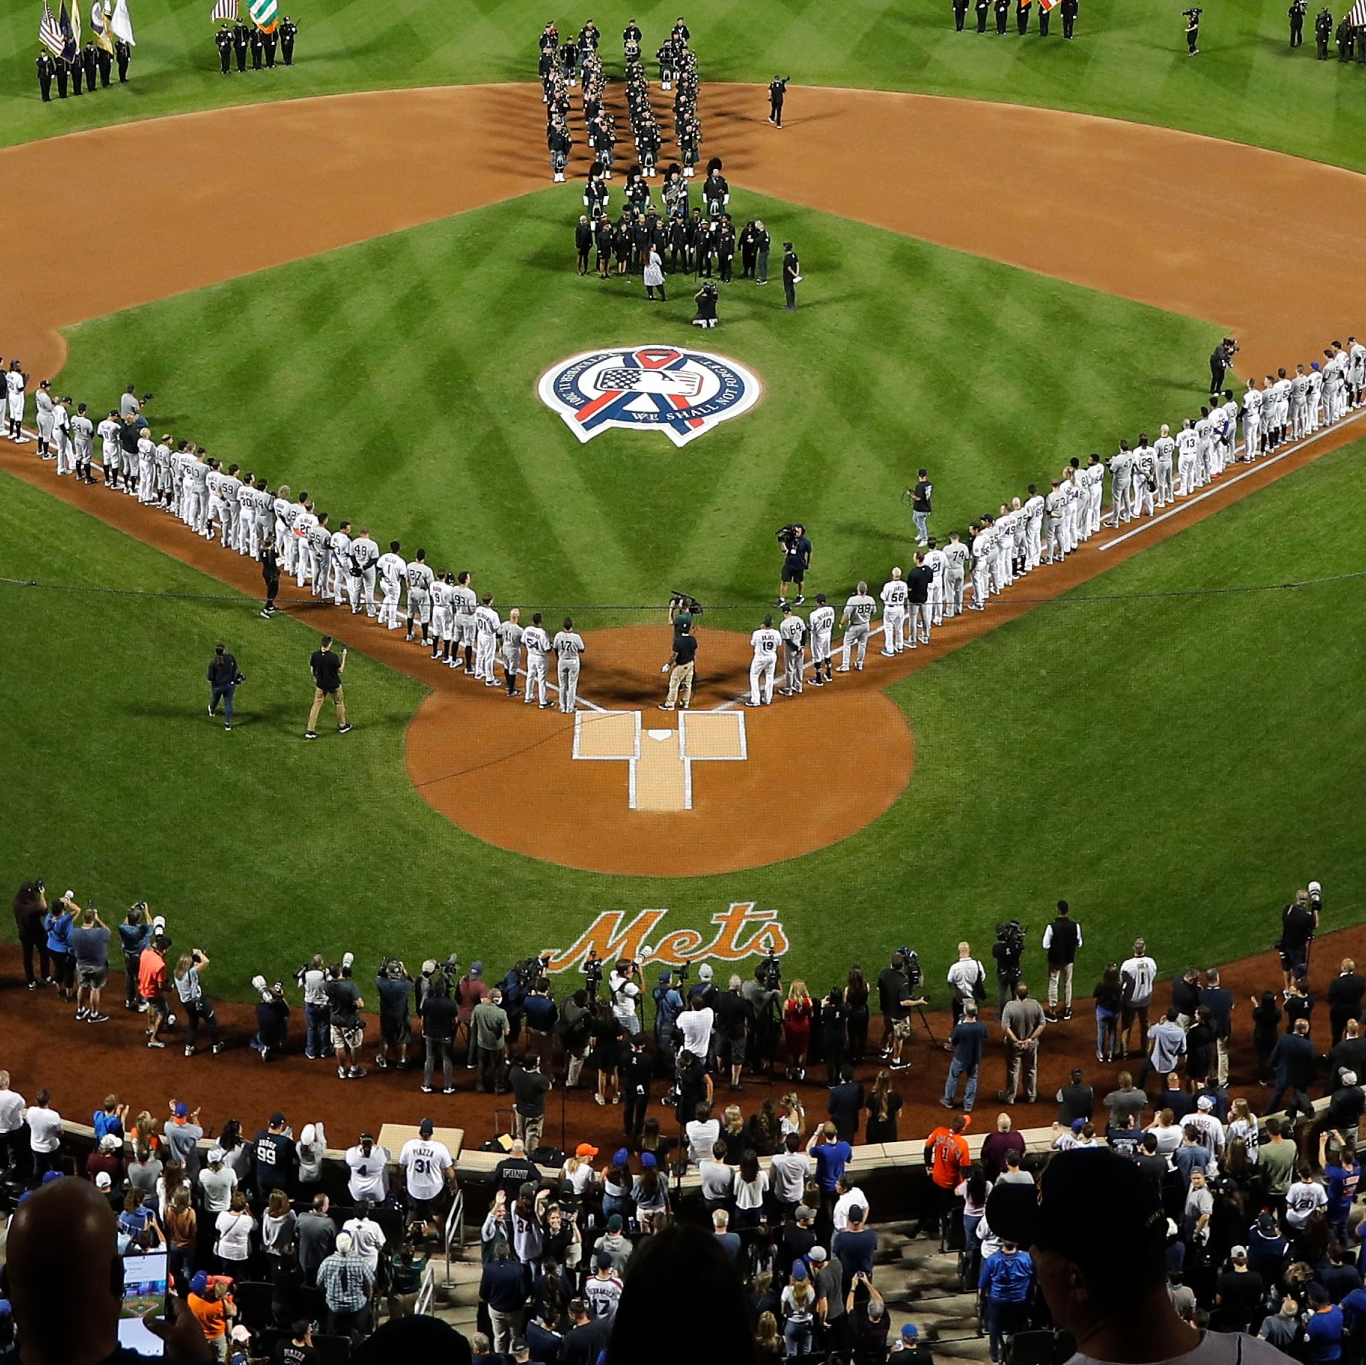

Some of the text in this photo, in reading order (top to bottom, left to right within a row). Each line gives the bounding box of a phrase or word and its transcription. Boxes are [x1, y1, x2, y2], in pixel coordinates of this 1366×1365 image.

[631, 388, 738, 422] WE SHALL NOT
[539, 901, 790, 973] Mets
[257, 1147, 277, 1166] 99
[412, 1148, 436, 1158] PIAZZA
[356, 1164, 368, 1178] 4
[414, 1159, 433, 1175] 31
————————
#### Directions
All of the material above is to be copied exactly, except for its images.

#### Solution to this exercise
Some of the text in this photo, in reading order (top to bottom, left to right within a row). Each line gives the bounding box of a phrase or word and its transcription. Boxes are [x1, y1, x2, y2], in pixel coordinates of this 1366×1365 image.

[631, 388, 738, 422] WE SHALL NOT
[539, 901, 790, 973] Mets
[257, 1147, 277, 1166] 99
[412, 1148, 436, 1158] PIAZZA
[356, 1164, 368, 1178] 4
[414, 1159, 433, 1175] 31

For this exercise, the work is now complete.